Le moteur de ces histoires, produites sur 9 saisons de 1989 à 1997, est la consommation notoire de femmes par Jerry - il a un nombre similaire de petites amies au cours des 171 épisodes.
Au même niveau, on trouve la paresse de George, sa réticence à travailler et son incapacité (ou sa réticence) à garder un emploi sur une longue période. Les idées commerciales plus que douteuses et les spleens de Cosmo Kramer, le voisin excentrique et chômeur permanent, sont également une source constante de scénarios chaotiques. Enfin, la seule femme du quatuor, Elaine Benes, met régulièrement des bâtons dans les roues du quatuor avec sa manière peu délicate d'aborder tout et n'importe quoi.
Il faut bien avouer que l'on peut faire quelques reproches légitimes à Seinfeld. Ainsi, le casting est tout sauf divers : majoritairement masculin, à l'exception d'Elaine et de l'interminable canon de petites amies éphémères, et principalement blanc.
La série et tous ses personnages ne se prennent pas du tout au sérieux et sont souvent exagérés jusqu'à la caricature. Il serait donc faux d'accuser la série de discrimination ou d'être incorrecte envers certains groupes de population. Oui, les personnages sont tout sauf délicats les uns avec les autres, ils sont sarcastiques à en avoir mal au cœur, névrosés à en avoir honte, et sans aucun plan ni aucune considération. Mais d'une part, ils sont toujours pleins d'humour et de charme et d'autre part, le format Seinfeld est en fin de compte une série de stand-up comedy. Et par définition, elle est tout cela, si elle est bien faite.

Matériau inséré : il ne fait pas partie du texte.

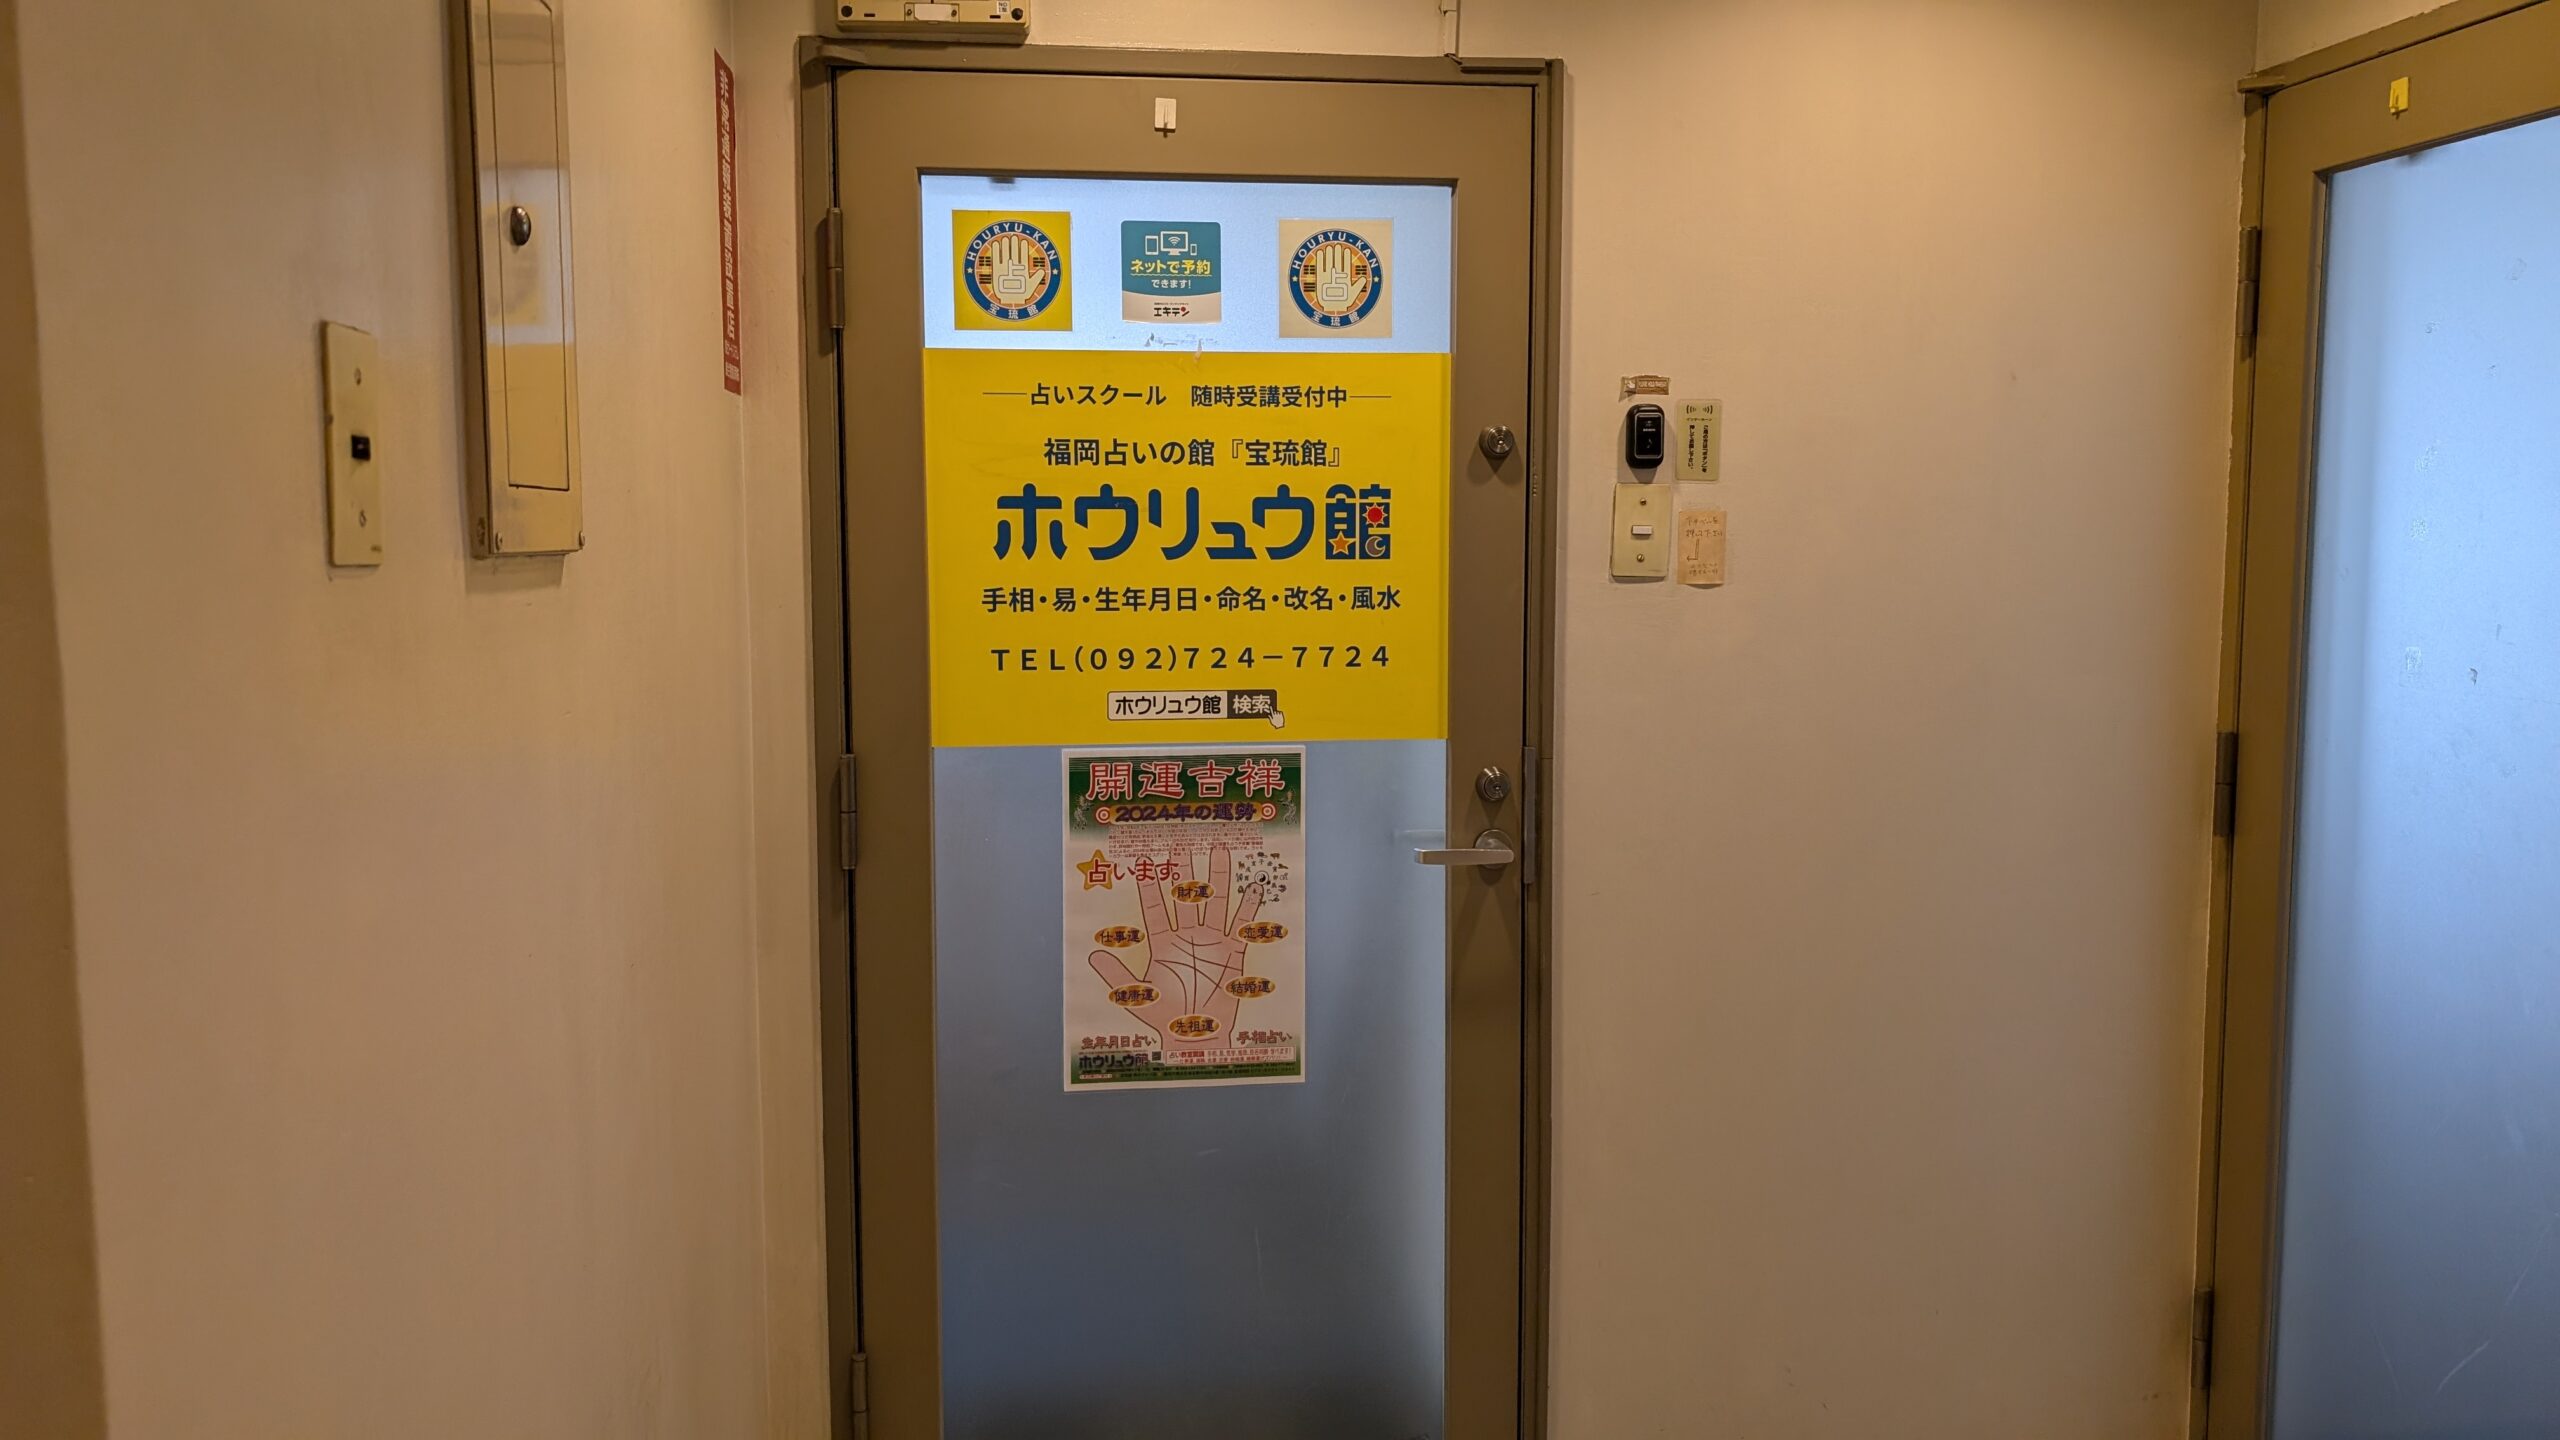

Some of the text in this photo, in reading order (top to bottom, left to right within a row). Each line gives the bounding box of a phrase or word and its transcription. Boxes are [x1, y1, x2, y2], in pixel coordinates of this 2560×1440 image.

[966, 222, 1058, 261] HOURYU-KAN
[1292, 232, 1379, 269] HOURYU-KAN
[1131, 259, 1211, 275] ネットで予約
[987, 303, 1039, 319] 宝琉館
[1154, 306, 1190, 317] エキテン
[1311, 311, 1360, 326] 宝琉館
[1030, 384, 1348, 409] 占いスクール 随時受講受付中
[1043, 438, 1342, 468] 福岡占いの館『宝琉館』
[993, 482, 1392, 560] ホウリュウ館
[981, 585, 1401, 613] 手相・易・生年月日・命名・改名・風水
[1115, 694, 1272, 716] ホウリュウ館 検索
[1086, 758, 1286, 801] 開運吉祥
[1114, 802, 1257, 823] 2024年の運勢
[1088, 859, 1182, 884] 占います。
[1176, 885, 1209, 899] 財運
[1099, 930, 1141, 943] 仕事運
[1244, 926, 1283, 940] 恋愛運
[1114, 988, 1154, 1003] 健康運
[1231, 981, 1270, 995] 結婚運
[1175, 1019, 1214, 1033] 先祖運
[1082, 1033, 1157, 1049] 生年月日占い
[1236, 1029, 1292, 1045] 手相占い
[1079, 1052, 1149, 1069] ホウリュウ館
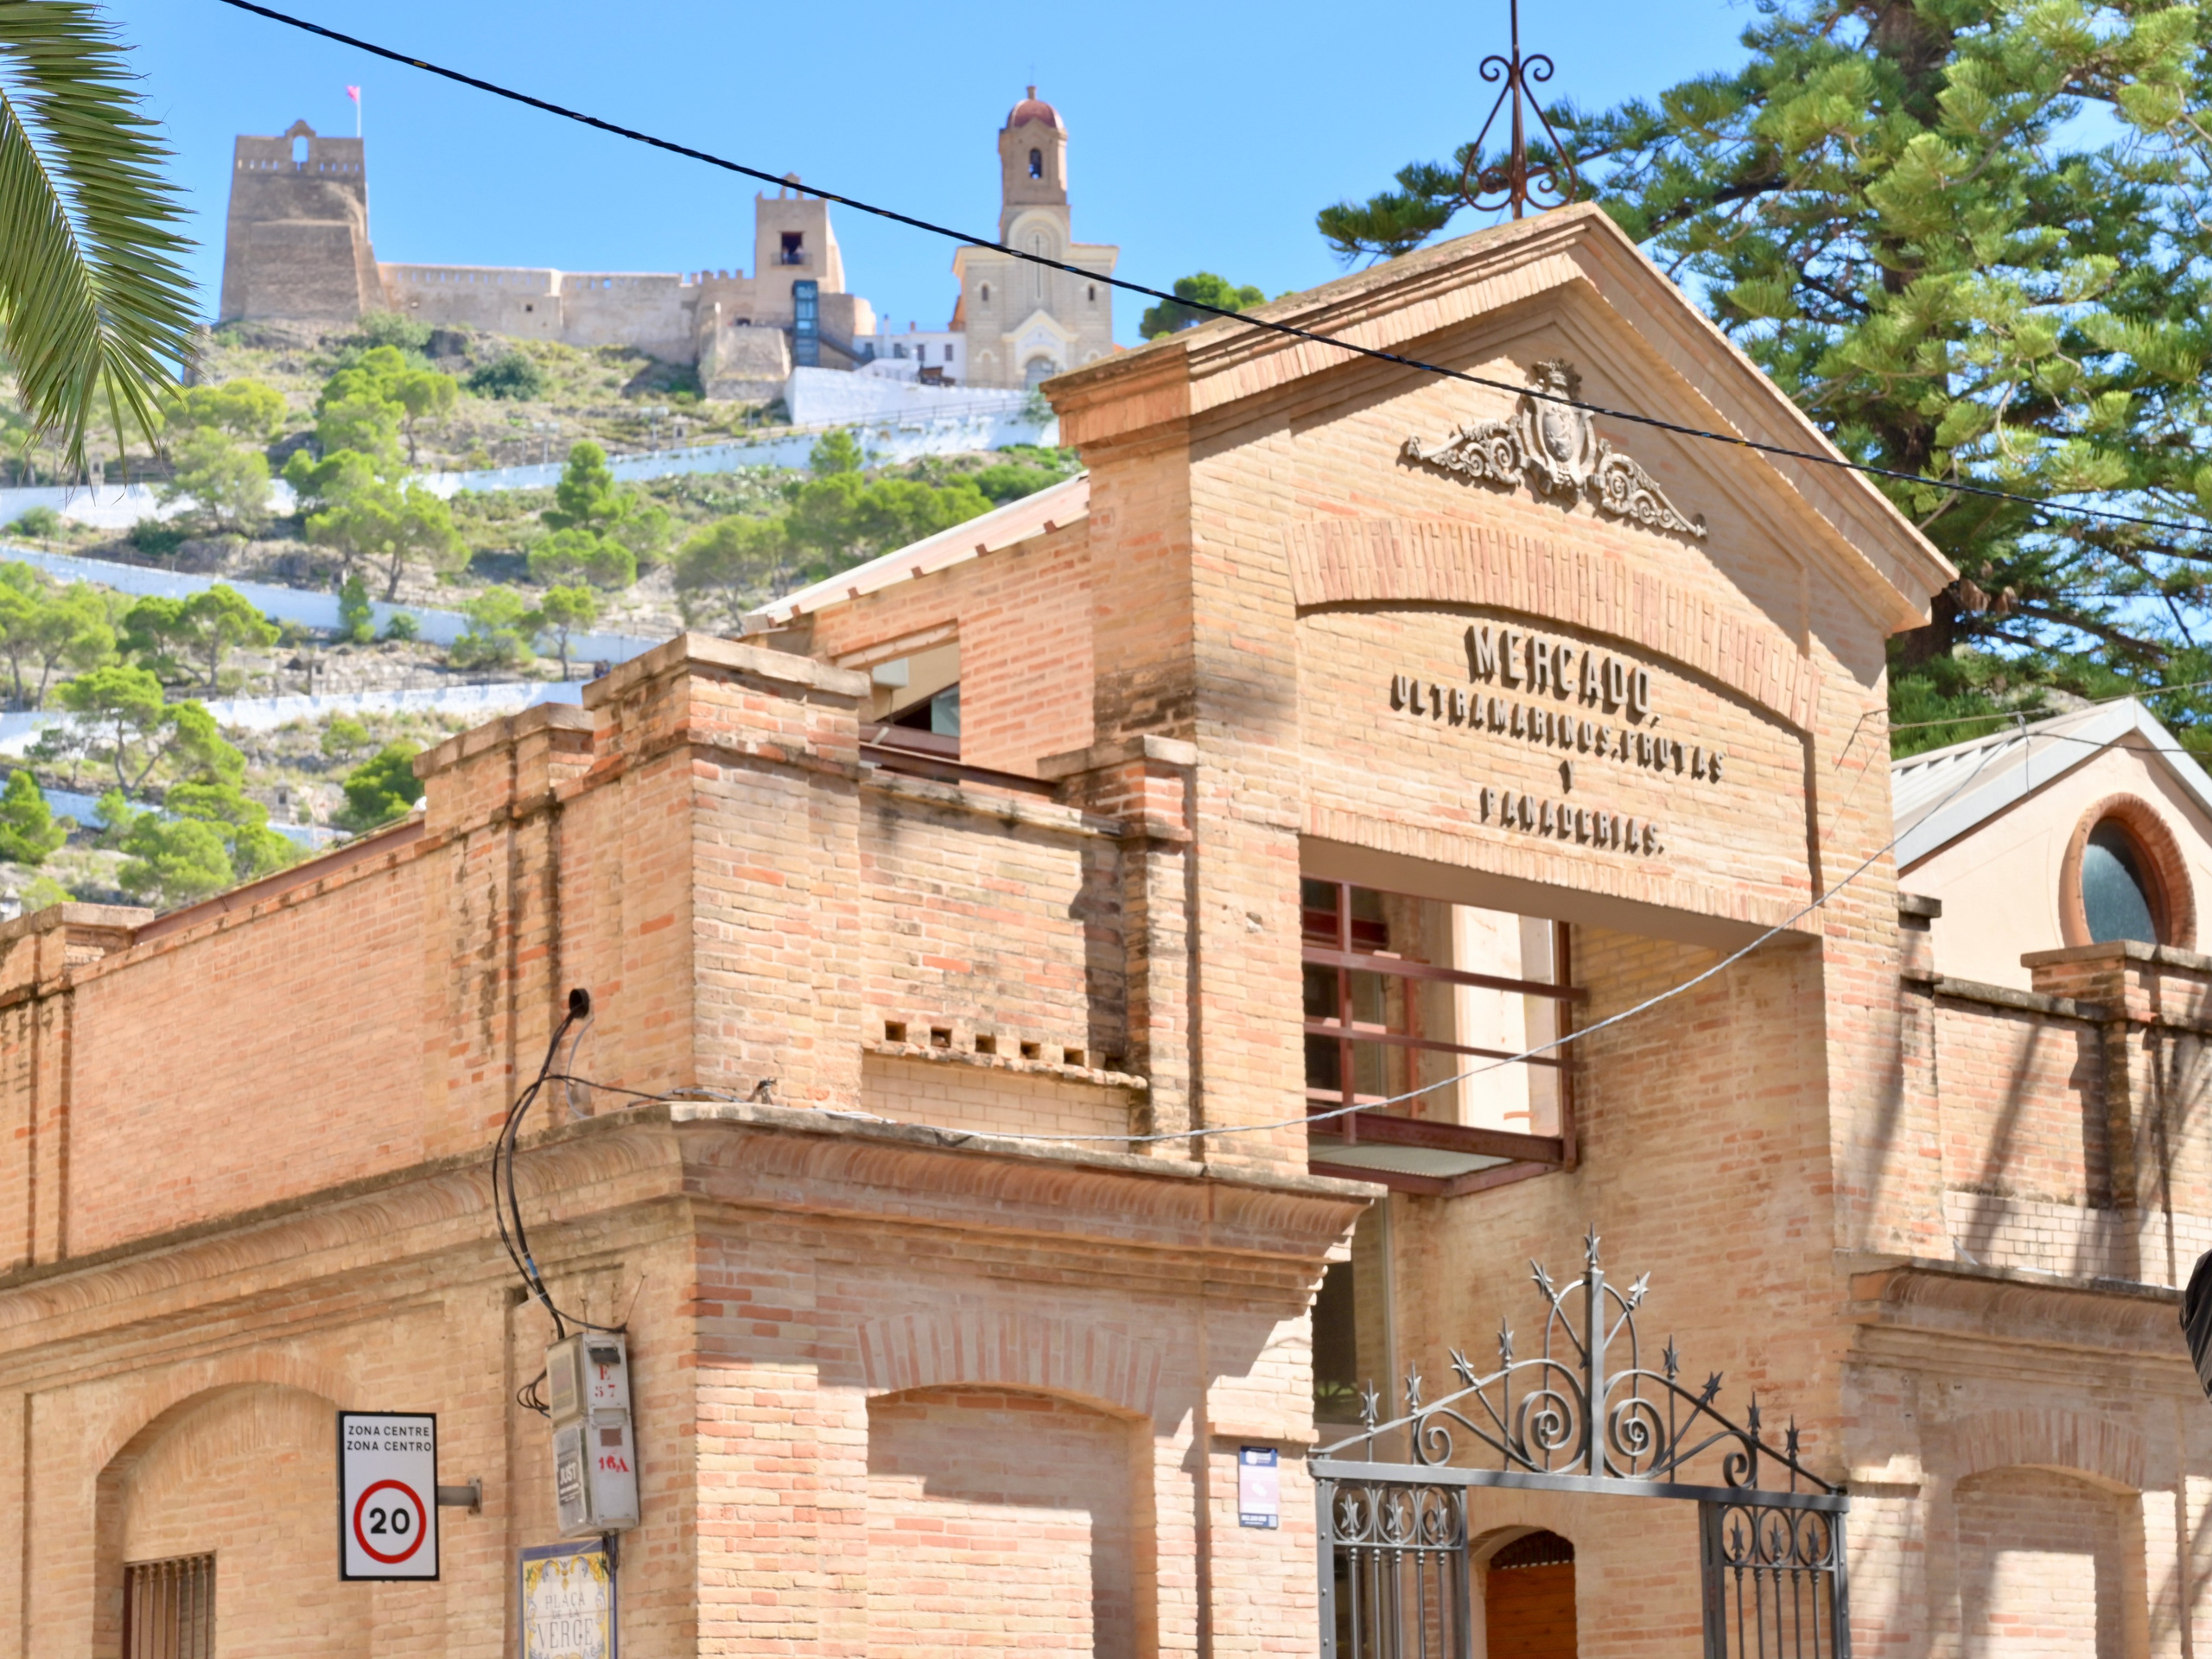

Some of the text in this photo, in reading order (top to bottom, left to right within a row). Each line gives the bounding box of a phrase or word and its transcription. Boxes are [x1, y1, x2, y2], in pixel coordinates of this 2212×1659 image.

[1562, 760, 1576, 790] Y
[347, 1425, 430, 1437] ZONA CENTRE
[346, 1440, 432, 1452] ZONA CENTRO
[369, 1507, 410, 1535] 20
[569, 1608, 580, 1618] LA
[537, 1618, 594, 1649] VERGE
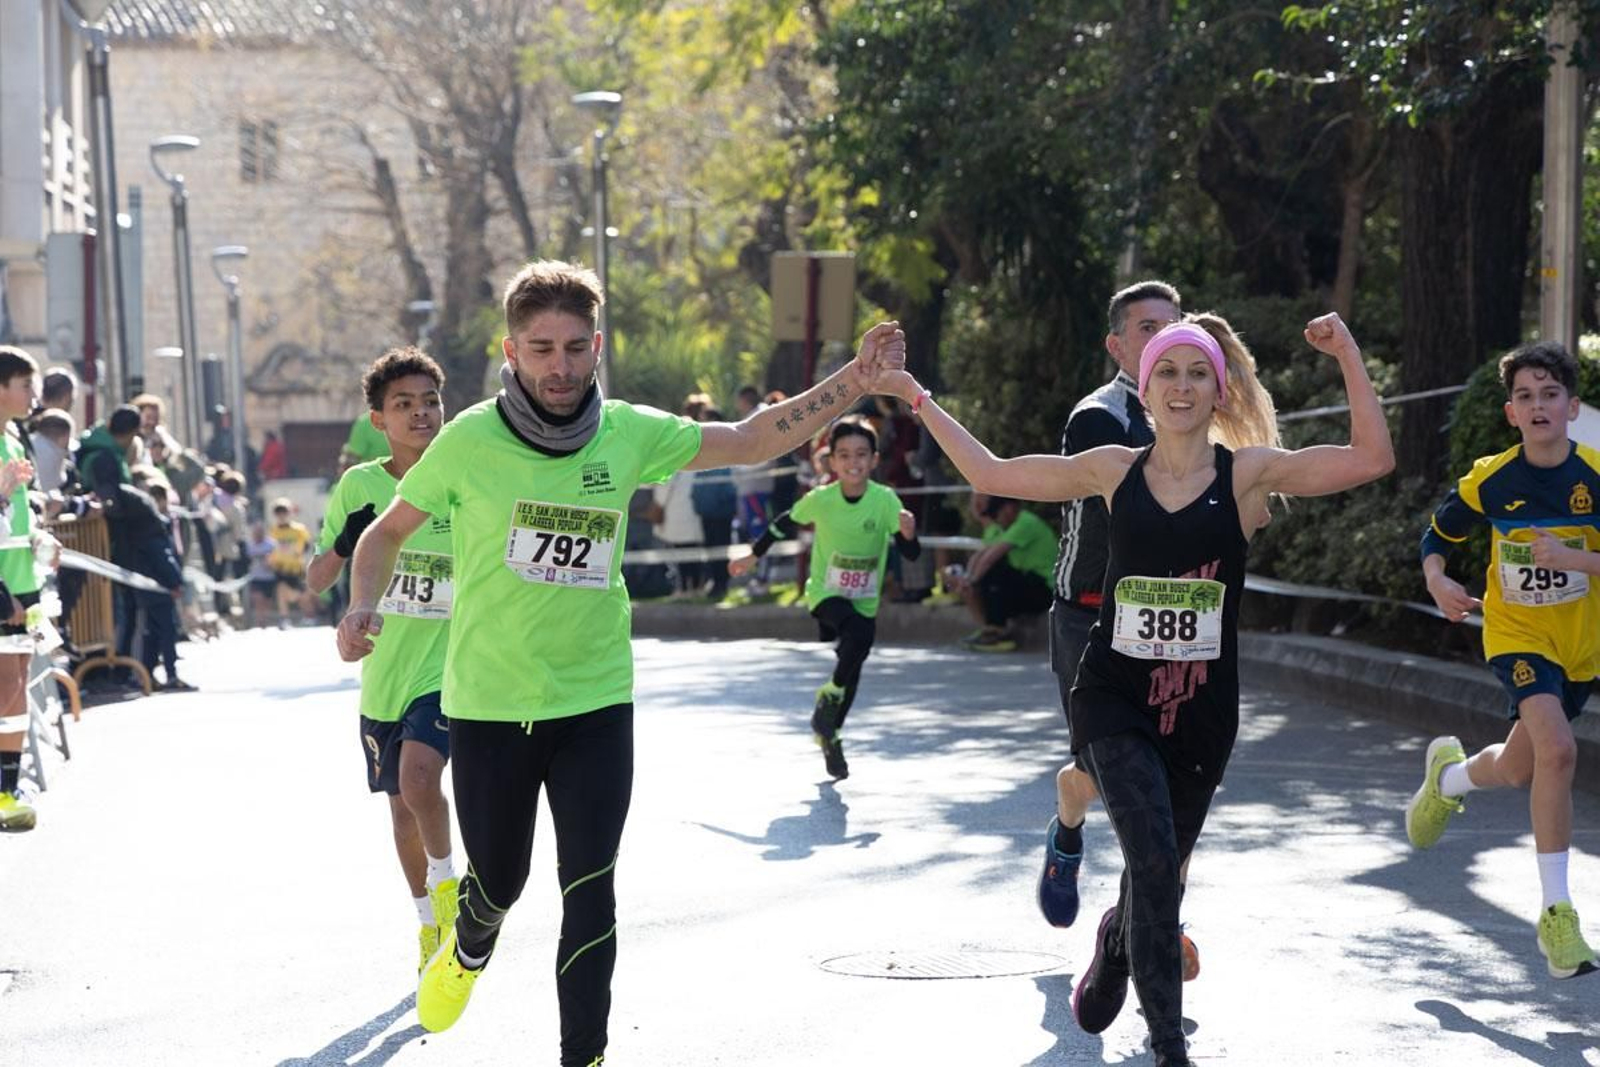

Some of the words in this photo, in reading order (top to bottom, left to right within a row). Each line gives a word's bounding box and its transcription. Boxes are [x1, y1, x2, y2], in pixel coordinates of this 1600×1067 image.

[536, 505, 549, 516] SAN
[550, 507, 568, 518] JUAN
[570, 510, 590, 521] BOSCO
[556, 519, 583, 531] POPULAR
[531, 532, 592, 569] 792
[386, 573, 434, 603] 743
[840, 571, 870, 588] 983
[1135, 581, 1147, 591] SAN
[1148, 582, 1167, 592] JUAN
[1518, 567, 1568, 591] 295
[1137, 608, 1198, 642] 388

La recherche permanente de la meilleure relation, le manque de volonté ou l'incapacité d'avoir un travail régulier - ou même de l'éviter délibérément - ou encore l'attitude constante de l'individu à l'égard de la société.L'absence constante d'engagement, qui est la grande constante de la vie des quatre personnages principaux, apparaît aujourd'hui comme une parodie anticipée de la génération Z, soi-disant peu encline à s'engager, volatile, toujours à la recherche d'une meilleure occasion et peu encline à travailler.
Vous pensez qu'il manque à cette liste d'autres séries TV des années 80 et 90 qui ont mal vieilli ? Alors faites-le dans les commentaires. Ou alors, vous avez d'autres séries que vous aimez regarder aujourd'hui, en plus de Seinfeld. C'est ce que nous voulons savoir.
Globetrotteur, randonneur, champion du monde de wok (pas celui sur la piste de bobsleigh), jongleur avec les mots et passionné de photos.